(Beginning of Data)

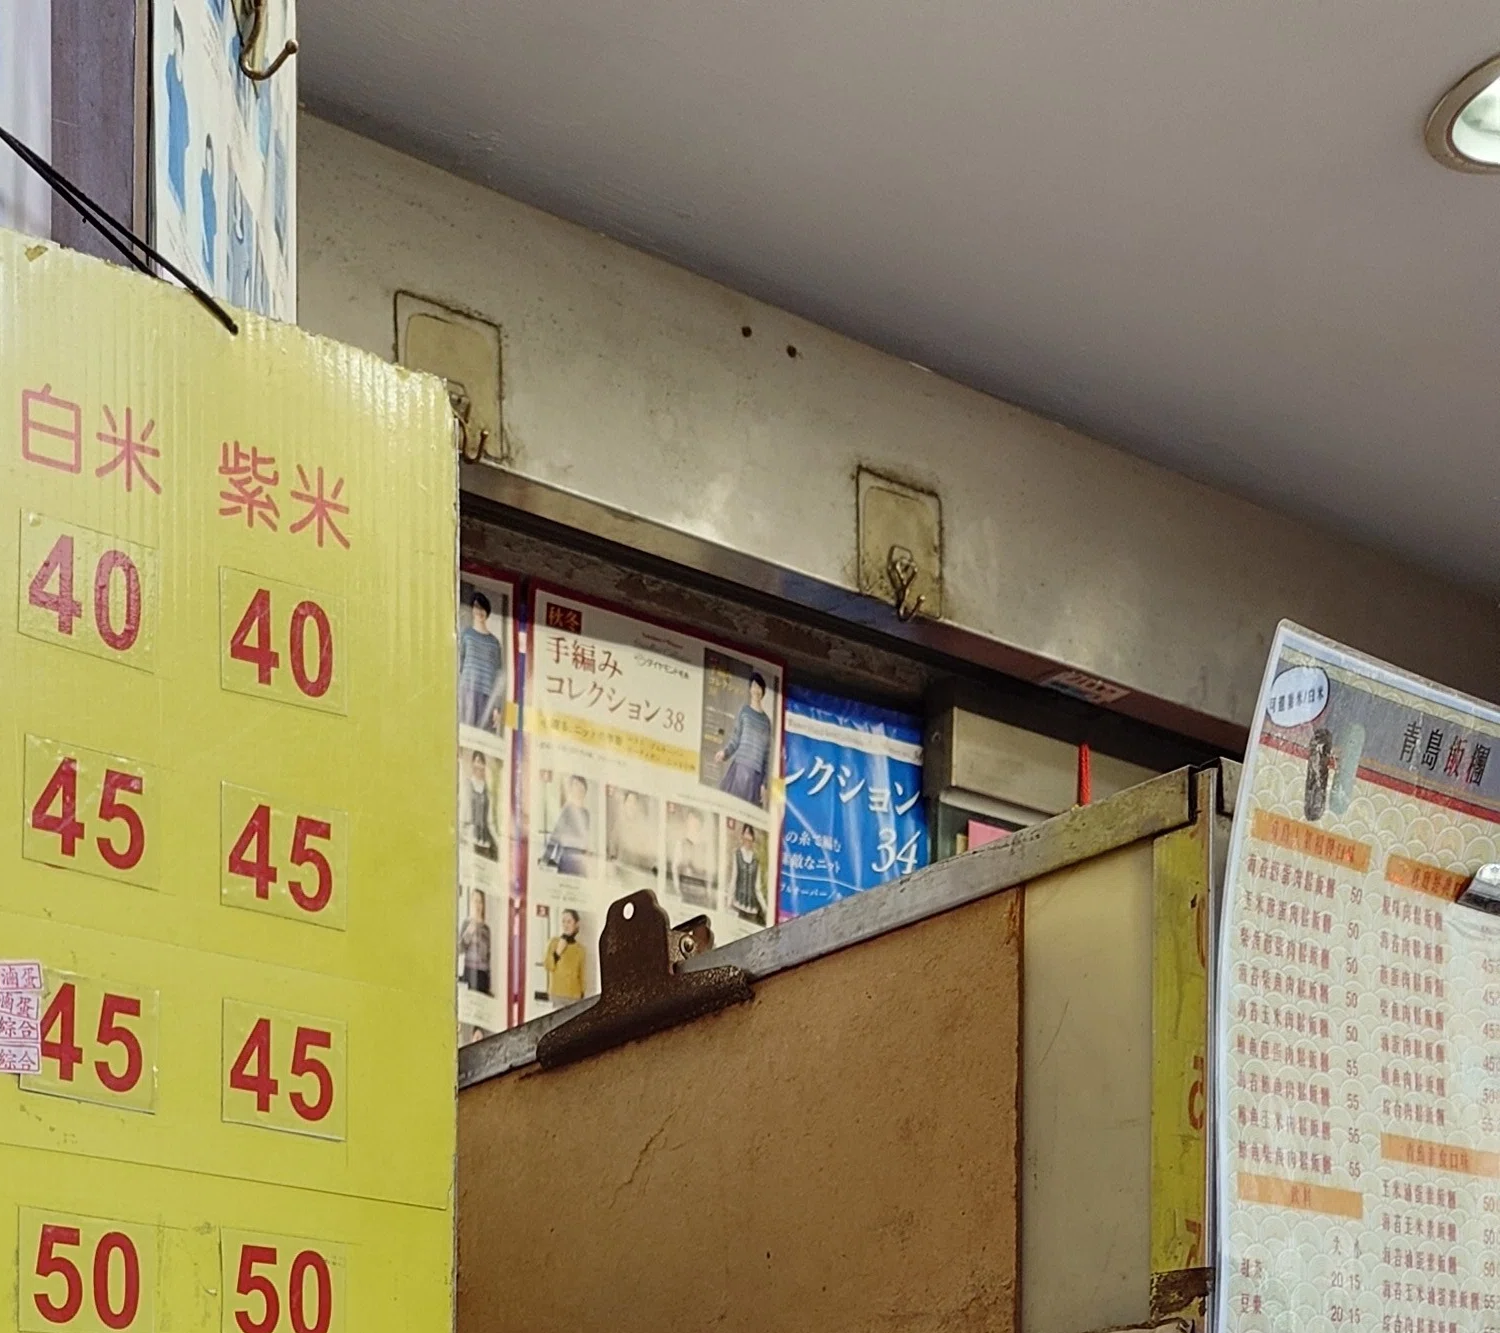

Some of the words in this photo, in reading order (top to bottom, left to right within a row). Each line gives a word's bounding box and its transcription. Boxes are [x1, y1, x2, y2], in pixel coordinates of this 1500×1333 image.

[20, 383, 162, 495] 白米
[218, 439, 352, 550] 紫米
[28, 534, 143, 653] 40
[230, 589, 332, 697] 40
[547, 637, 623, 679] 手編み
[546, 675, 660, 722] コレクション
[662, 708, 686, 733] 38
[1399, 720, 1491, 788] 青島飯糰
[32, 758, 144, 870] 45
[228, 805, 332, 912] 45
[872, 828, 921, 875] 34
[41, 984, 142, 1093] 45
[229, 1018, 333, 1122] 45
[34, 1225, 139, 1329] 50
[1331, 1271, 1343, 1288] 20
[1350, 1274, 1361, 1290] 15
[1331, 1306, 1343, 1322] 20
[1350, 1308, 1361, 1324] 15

(End of Data)

[Task]
Write out the data in full and exactly as given, though without the images.

[Task output]
Some of the words in this photo, in reading order (top to bottom, left to right within a row). Each line gives a word's bounding box and its transcription. Boxes are [x1, y1, x2, y2], in pixel coordinates of this 1500×1333 image.

[20, 383, 162, 495] 白米
[218, 439, 352, 550] 紫米
[28, 534, 143, 653] 40
[230, 589, 332, 697] 40
[547, 637, 623, 679] 手編み
[546, 675, 660, 722] コレクション
[662, 708, 686, 733] 38
[1399, 720, 1491, 788] 青島飯糰
[32, 758, 144, 870] 45
[228, 805, 332, 912] 45
[872, 828, 921, 875] 34
[41, 984, 142, 1093] 45
[229, 1018, 333, 1122] 45
[34, 1225, 139, 1329] 50
[1331, 1271, 1343, 1288] 20
[1350, 1274, 1361, 1290] 15
[1331, 1306, 1343, 1322] 20
[1350, 1308, 1361, 1324] 15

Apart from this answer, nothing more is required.